Benign prostatic hyperplasia (BPH) or adenoma and prostate cancer are separately categorized; they are not directly related to infectious damage to the prostate, arising instead from age-related, genetic, and hormonal disorders.

Causes of Prostate Inflammation

Inflammation in acute or chronic bacterial, as well as often in asymptomatic inflammatory prostatitis, arises due to the penetration of pathogenic microflora into the prostate secretion. Among the bacteria that can cause acute or chronic processes are:

  • Escherichia coli – the most common pathogen, also known as E. coli;
  • Proteus spp. – gram-negative facultative anaerobic bacteria not forming spores;
  • Klebsiella spp. – a type of gram-negative facultative anaerobic rod-shaped capsulated bacteria, rarely causing disease in healthy patients and often in hospital conditions;
  • Pseudomonas spp. – the most common cause of nosocomial (hospital-acquired) infections;
  • Enterococcus spp. – cause various infections, including endocarditis, urinary tract infection, prostatitis;
  • Staphylococcus aureus – a common bacterium living even on the skin of healthy individuals;
  • Bacteroides spp. – part of the normal flora of the vagina and vulva, oral cavity and throat, upper respiratory tract of humans, thus can easily cause disease during unprotected sexual intercourse.

Microorganisms can enter the prostate from the distant part of the urethral canal and also infiltrate from the bladder via hematogenous (through blood) and lymphogenous (through lymph) routes.

Within the scope of abacterial diseases (CPPS), various theories of origin are considered:

  • Infectious – possible bacterial penetration occurred, but at the moment, their isolation or cultivation is impossible for various reasons;
  • Decrease in local or general protective properties of the body – immunity simply cannot cope with harmful factors;
  • Anatomical features leading to urinary reflux, which causes chemical damage and irritation of the prostate tissues.

For BPH and prostate cancer, mainly age-related, genetic, and hormonal causes of the disease are considered.

Symptoms of Prostate Inflammation

The manifestations of prostate diseases usually differ little from each other:

  • Various urination disorders (frequency, sensation of incomplete emptying, straining at the start of urination);
  • Pain sensations that may radiate to the perineum, rectum, sacral or suprapubic area;
  • Erectile dysfunction – the inability to maintain an erection from the beginning to the end of sexual intercourse, most often due to pain sensations or psychological blocks;
  • For acute conditions, an increase in overall body temperature and even muscle and joint pains may be characteristic;
  • Chronic conditions manifest with a mixed clinical picture, sometimes even with asymptomatic progression.

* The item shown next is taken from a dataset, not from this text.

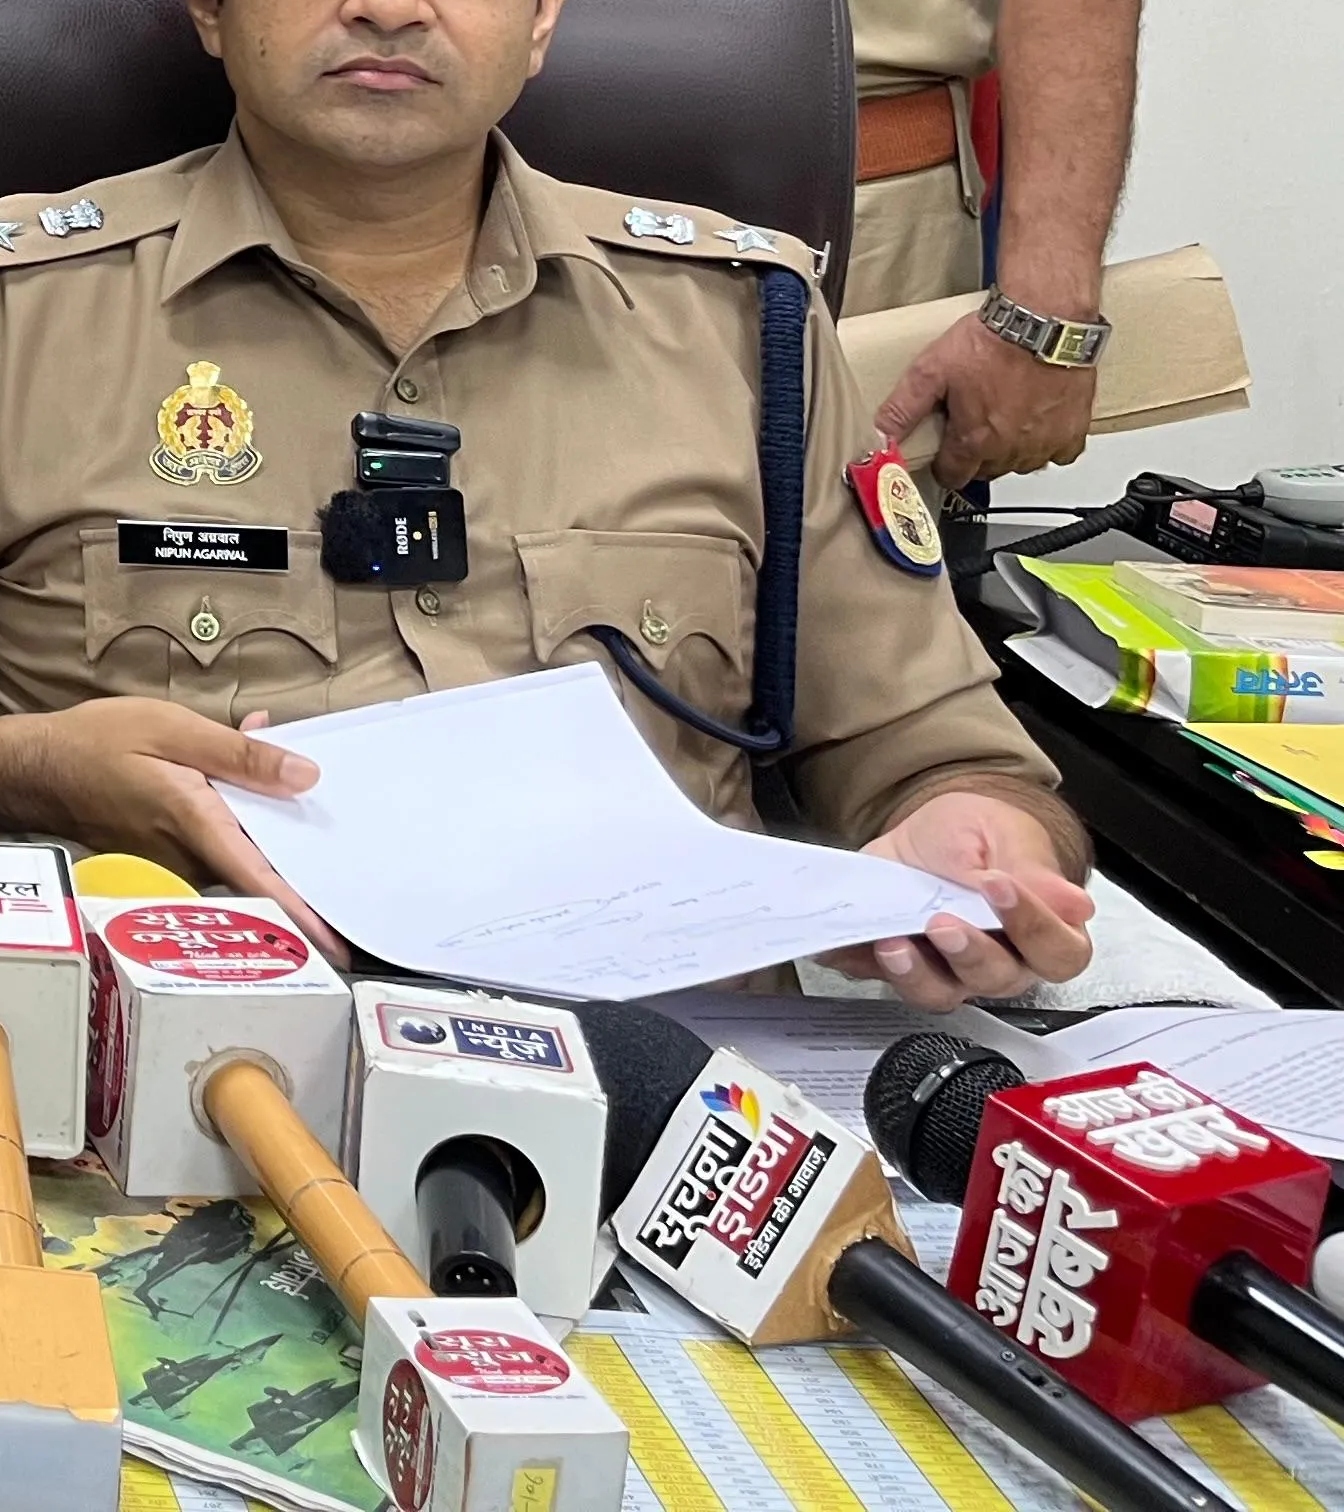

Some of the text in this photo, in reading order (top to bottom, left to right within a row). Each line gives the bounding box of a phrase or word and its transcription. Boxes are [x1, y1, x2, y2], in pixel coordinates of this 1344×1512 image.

Doctors also often use special questionnaires: NIH-CPSI, IPSS, AMS, etc., to determine the severity of the patient's condition.

Treatment of Prostate Inflammation

The treatment of the disease fundamentally differs depending on the cause of the disease and its symptoms:

  • Bed rest and adequate hydration during the acute process;
  • Antibacterial agents for infectious etiology of the disorder (when a specific pathogen is present);
  • Nonsteroidal anti-inflammatory drugs – for the presence of pain sensations and extensive inflammatory process;
  • Alpha-blockers for severe urinary process disorders;
  • 5-alpha-reductase inhibitors – help reduce hyperplasia in the case of prostate adenoma;
  • Phosphodiesterase type 5 inhibitors (PDE-5) – help cope with emerging erectile dysfunction;
  • Surgical treatment – used for large adenomas resistant to conservative therapy and malignant processes.

However, for all diseases, lifestyle changes are recommended:

  • Quit all bad habits (smoking, alcohol, and drugs), as they negatively affect the overall condition of the body and, particularly, the vascular system, accelerating the deterioration of the disease;
  • Normalize the diet and hydration – exclude fried, smoked, fatty dishes;
  • Normalize the amount of physical activity – avoid a sedentary lifestyle.